_Work instructions:_
An exact copy of every record is needed, with all pictures omitted.

Top of Task input

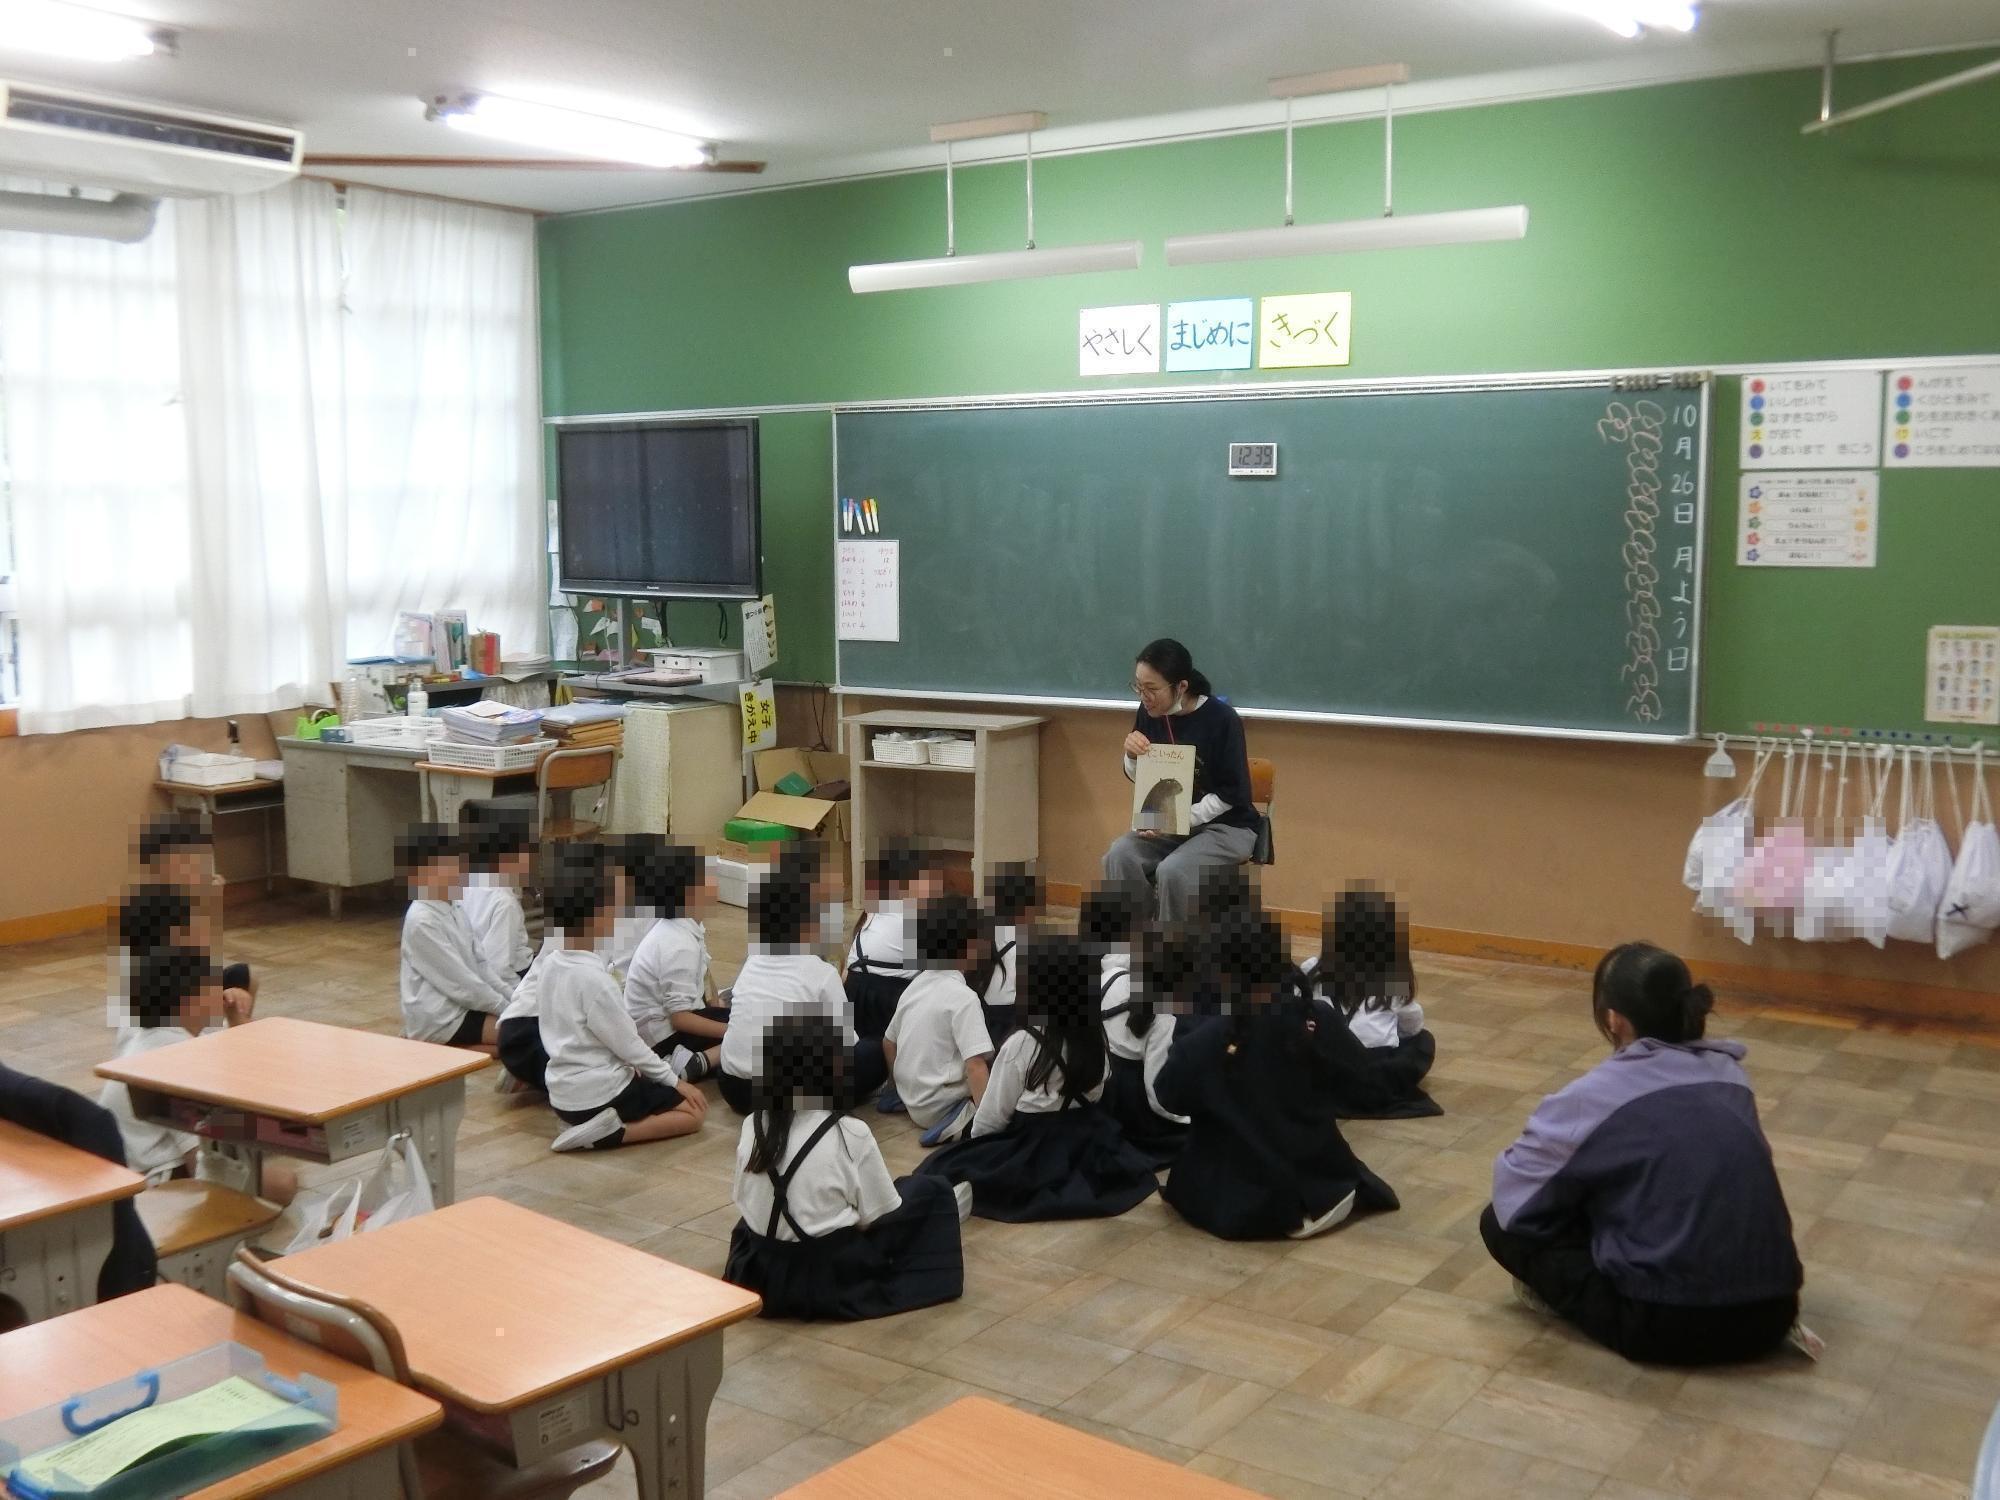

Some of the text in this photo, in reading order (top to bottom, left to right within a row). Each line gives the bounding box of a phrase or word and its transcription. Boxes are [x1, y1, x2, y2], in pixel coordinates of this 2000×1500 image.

[1082, 324, 1152, 356] やさしく
[1170, 318, 1250, 351] まじめに
[1270, 311, 1338, 348] きづく
[1667, 404, 1697, 671] 10月26日 月よう日
[744, 691, 758, 744] きがえ中
[760, 700, 772, 729] 女子
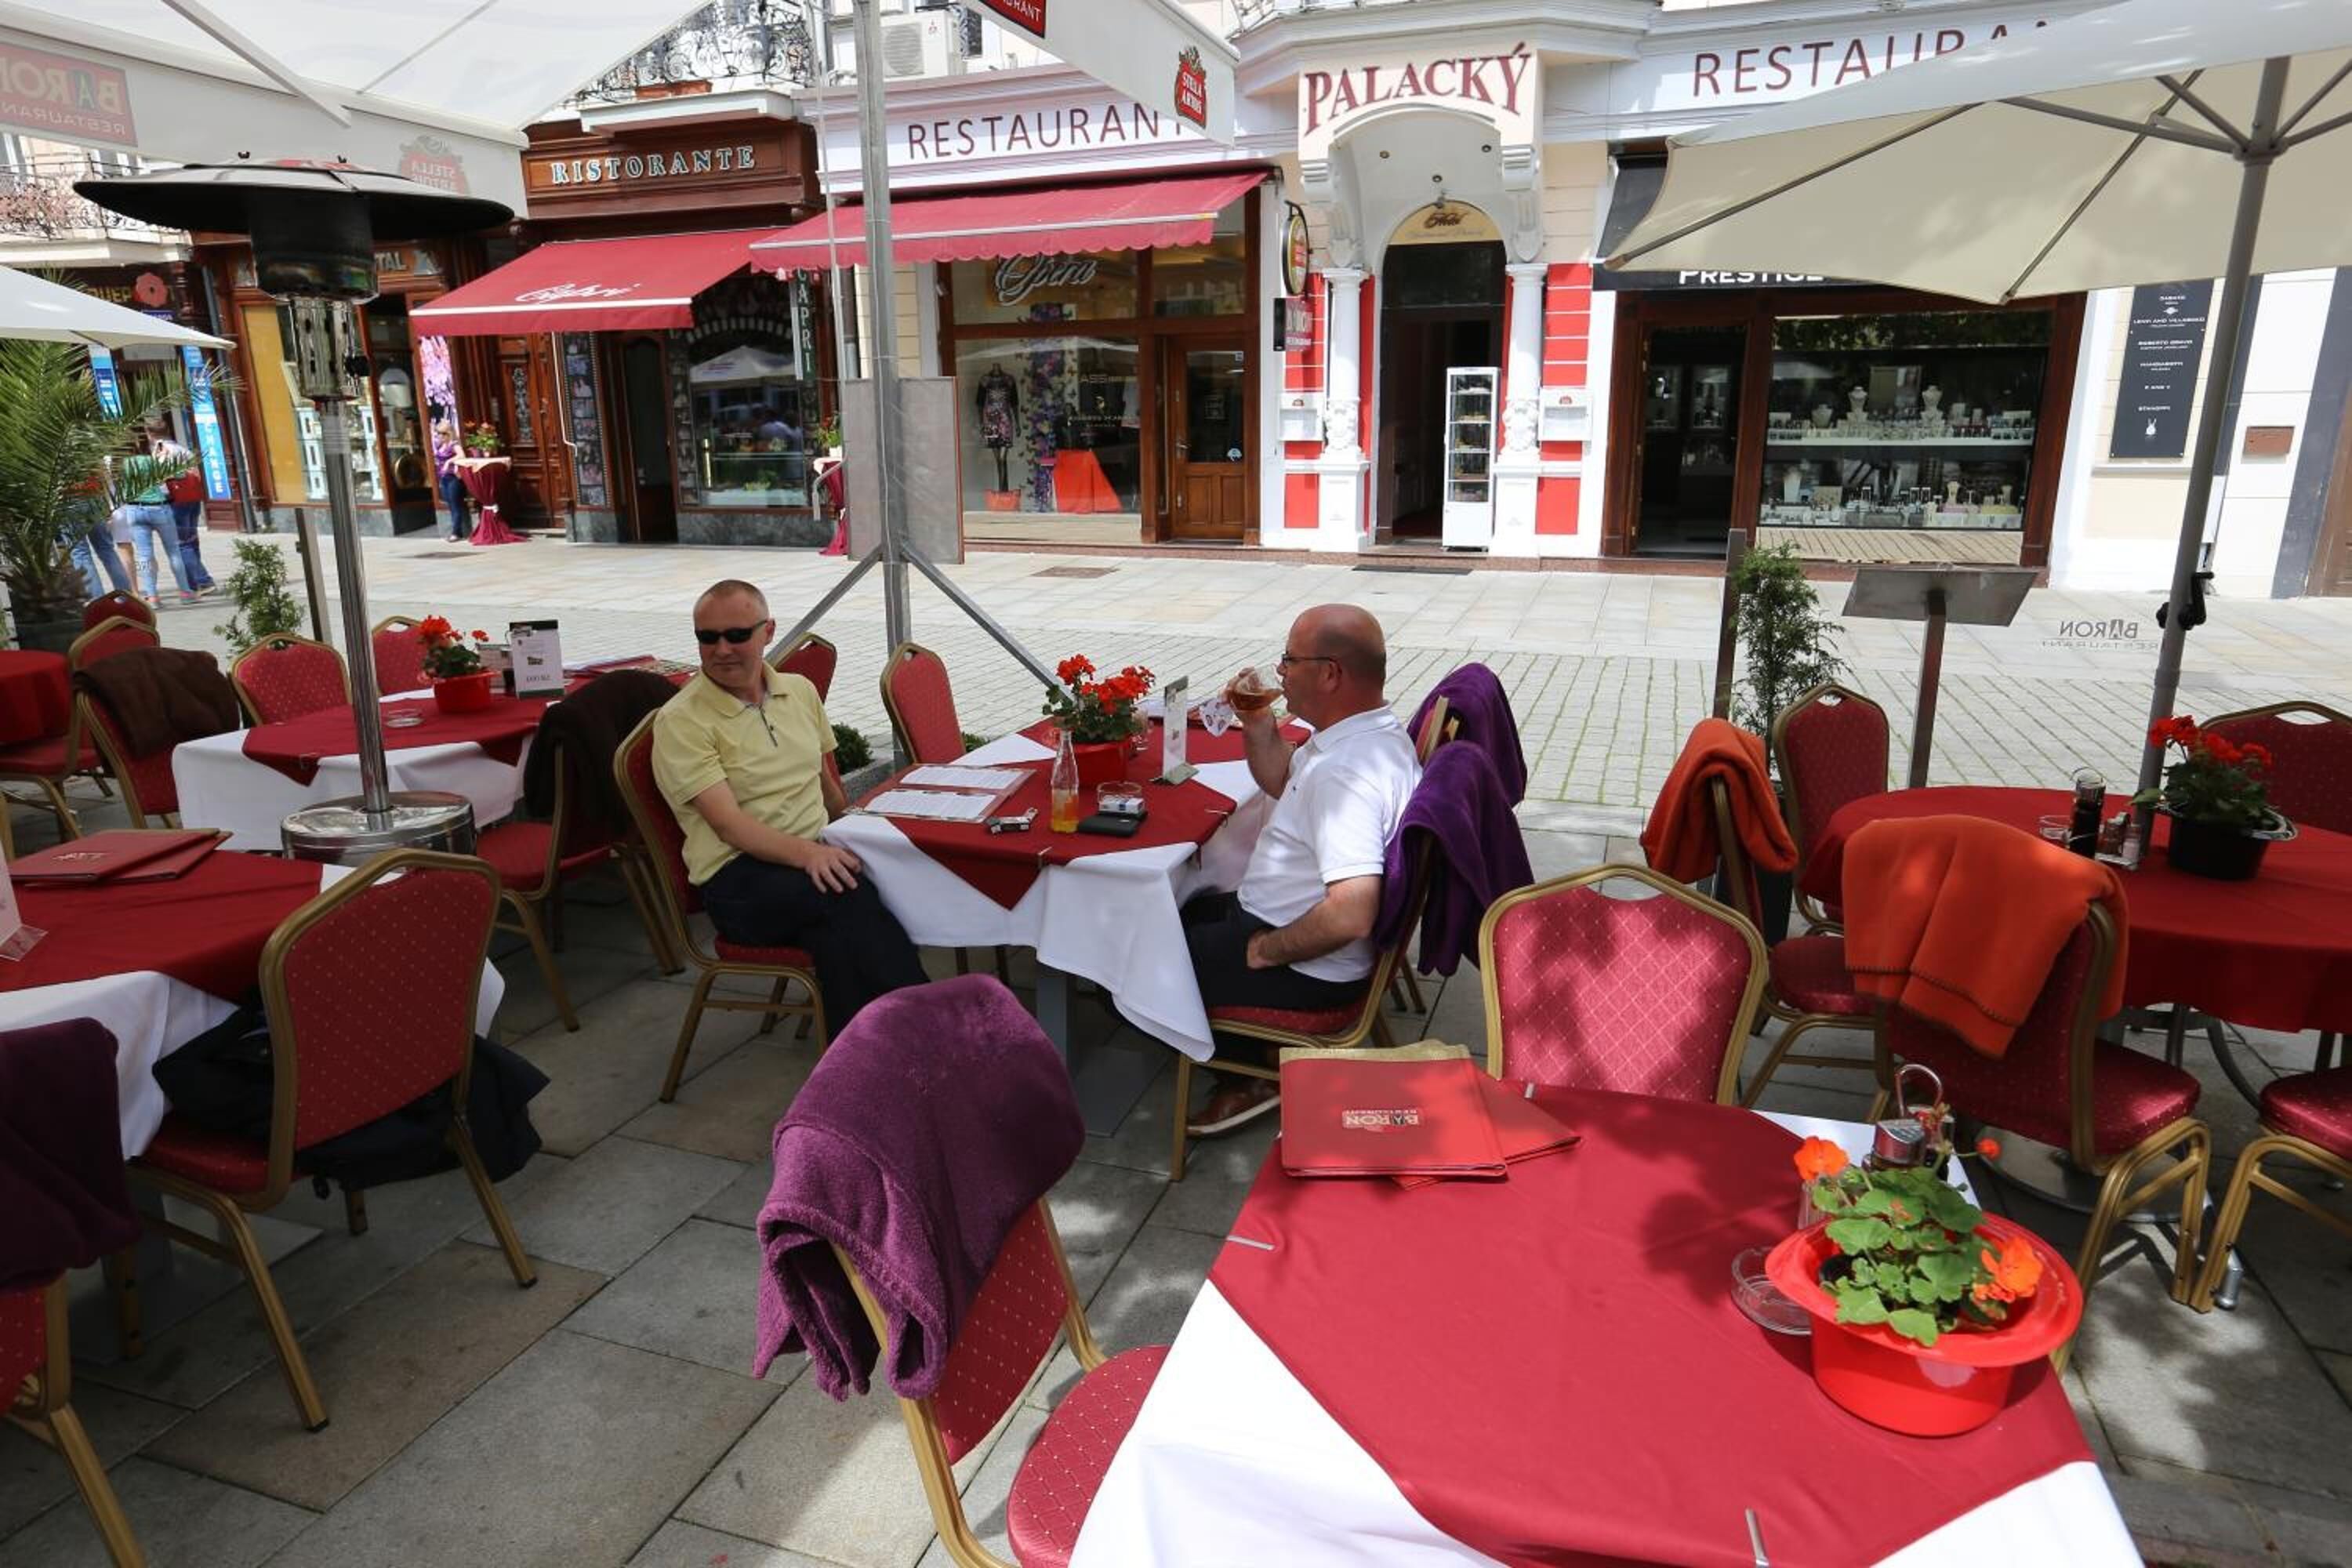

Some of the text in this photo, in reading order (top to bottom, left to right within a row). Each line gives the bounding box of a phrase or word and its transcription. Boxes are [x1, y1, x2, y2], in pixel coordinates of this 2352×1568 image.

[1693, 21, 2045, 96] RESTAUR
[1305, 42, 1530, 136] PALACKÝ
[551, 146, 755, 184] RISTORANTE
[1679, 270, 1824, 285] PRESTI
[797, 267, 812, 372] CAPRI
[1345, 1114, 1418, 1126] BARON
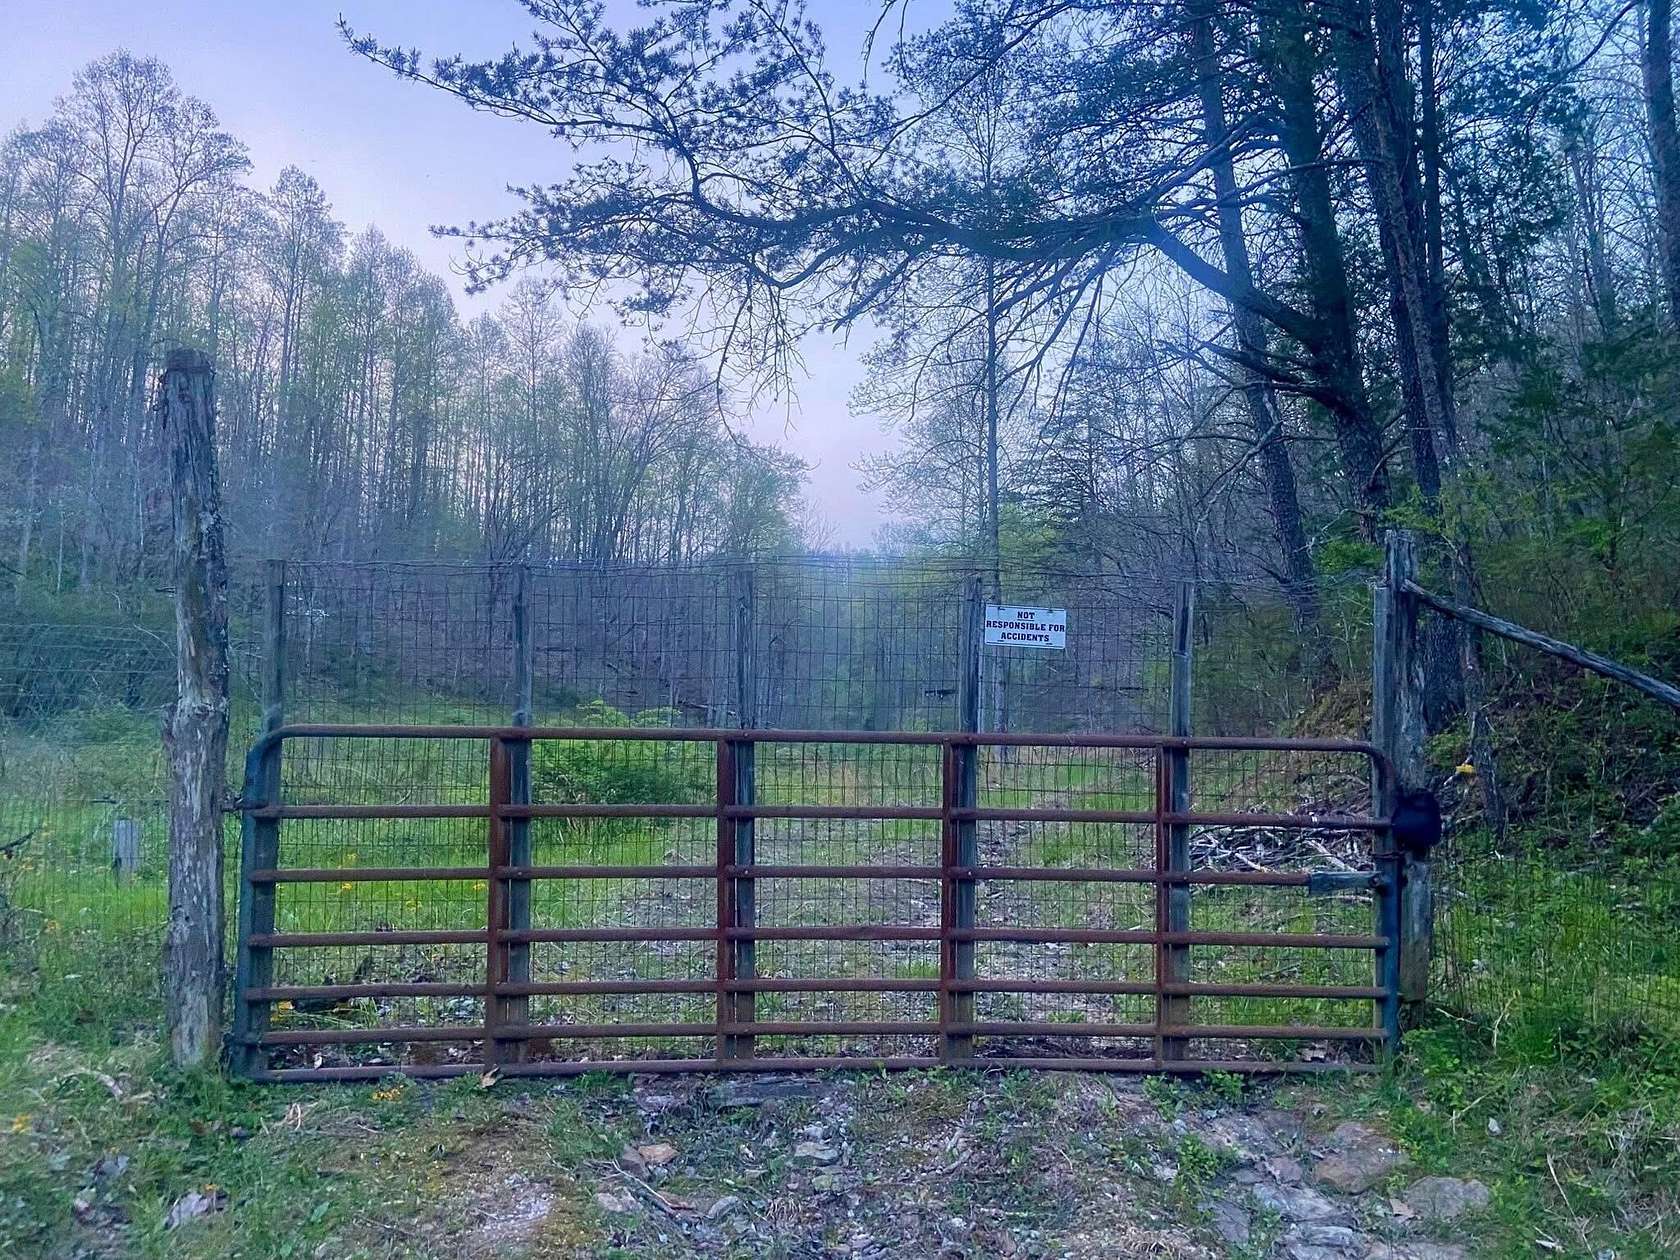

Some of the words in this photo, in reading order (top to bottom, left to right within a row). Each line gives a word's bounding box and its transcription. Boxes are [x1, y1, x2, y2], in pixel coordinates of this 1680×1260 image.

Bottom of Task input

_Answer section:_
Some of the text in this photo, in reading order (top to bottom, left to right within a row). Each line gives the bounding box of a phrase or word and its transcription. Boxes are [x1, y1, x2, y2], in pixel coordinates of this 2000×1500 image.

[1082, 324, 1152, 356] やさしく
[1170, 318, 1250, 351] まじめに
[1270, 311, 1338, 348] きづく
[1667, 404, 1697, 671] 10月26日 月よう日
[744, 691, 758, 744] きがえ中
[760, 700, 772, 729] 女子

Some of the text in this photo, in reading order (top to bottom, left to right within a row). Each line gives the bounding box of a phrase or word and its transcription. Boxes are [x1, y1, x2, y2], in pixel coordinates of this 2352×1568 image.

[1693, 21, 2045, 96] RESTAUR
[1305, 42, 1530, 136] PALACKÝ
[551, 146, 755, 184] RISTORANTE
[1679, 270, 1824, 285] PRESTI
[797, 267, 812, 372] CAPRI
[1345, 1114, 1418, 1126] BARON

Some of the words in this photo, in reading order (top to bottom, left to right within a row). Each line gives a word's bounding box and its transcription. Boxes are [x1, y1, x2, y2], in pixel coordinates of this 1680×1260 image.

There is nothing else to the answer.